The CMS' current formulas for determining uncompensated-care payments for hospitals aren't pinned to the actual costs the facilities incur, a new government watchdog study says.
Although the federal government typically spends approximately $50 billion per year attempting to reimburse hospitals for uncompensated care, the U.S. Government Accountability Office says the CMS' system is inefficient and undermines hospitals' abilities to treat underserved populations.
Currently, the CMS calculates Medicare uncompensated-care payments based on the number of days a hospital spends treating Medicaid and low-income Medicare patients. But that formula in recent years has given some hospitals more money when their uncompensated-care costs have actually decreased thanks to the Medicaid expansion.

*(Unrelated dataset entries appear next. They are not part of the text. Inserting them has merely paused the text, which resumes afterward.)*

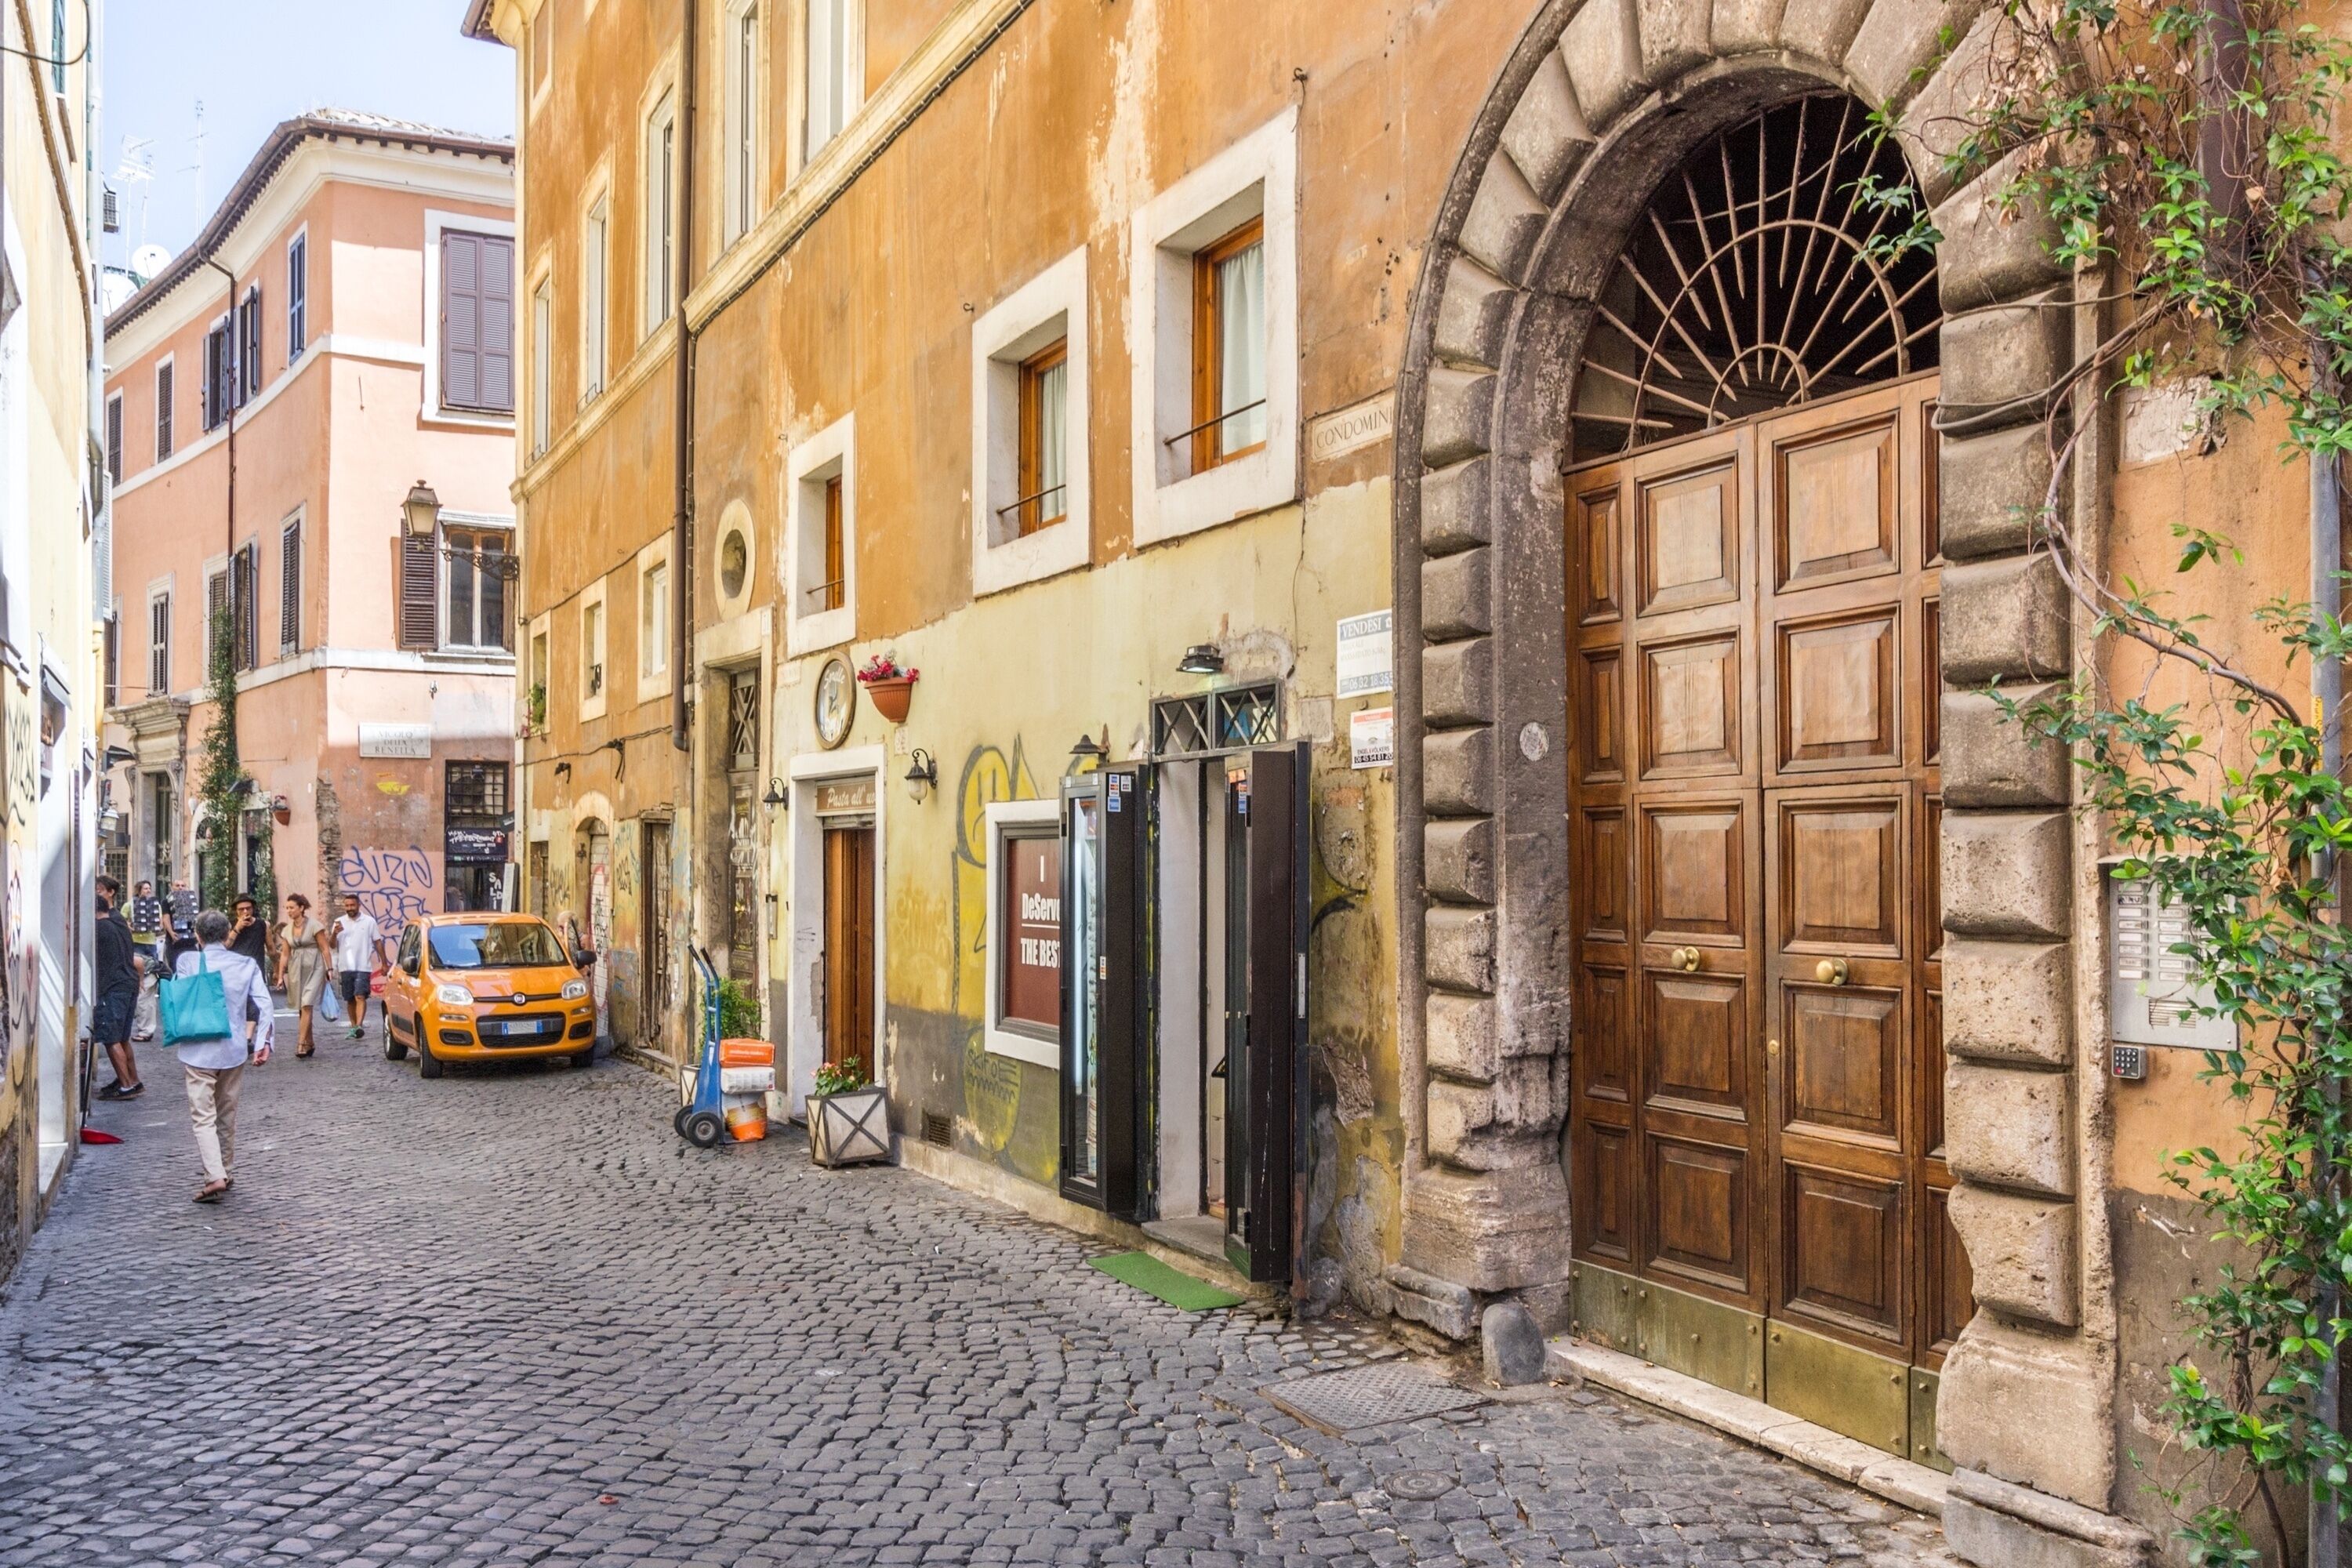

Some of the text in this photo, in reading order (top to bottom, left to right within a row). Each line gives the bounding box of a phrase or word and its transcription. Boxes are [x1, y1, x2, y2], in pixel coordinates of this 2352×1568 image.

[1342, 617, 1381, 638] VENDESI
[1349, 678, 1358, 690] 06
[827, 787, 850, 808] Pasta
[1040, 855, 1044, 882] I
[1021, 938, 1038, 966] THE

“Neither the current poor alignment of Medicare UC payments with hospital uncompensated-care costs nor the lack of accounting for reductions in hospital uncompensated-care costs for uninsured patients resulting from Medicaid payments are consistent with Medicare's role as a prudent payer of healthcare,” the GAO's report said.
Instead, the GAO has recommended that the CMS tie the payments to actual uncompensated-care costs, as suggested in a proposed CMS rule from April. The agency also needs to monitor when hospitals are eligible for both Medicare uncompensated-care payments and disproportionate-share hospital payments to prevent dual payments.
According to the CMS' proposed rule, the agency may tie uncompensated-care payments to actual cost data from a Medicare worksheet. HHS agreed with the GAO's recommendations and said it would consider stakeholder input before releasing a final rule on uncompensated-care payments later this year.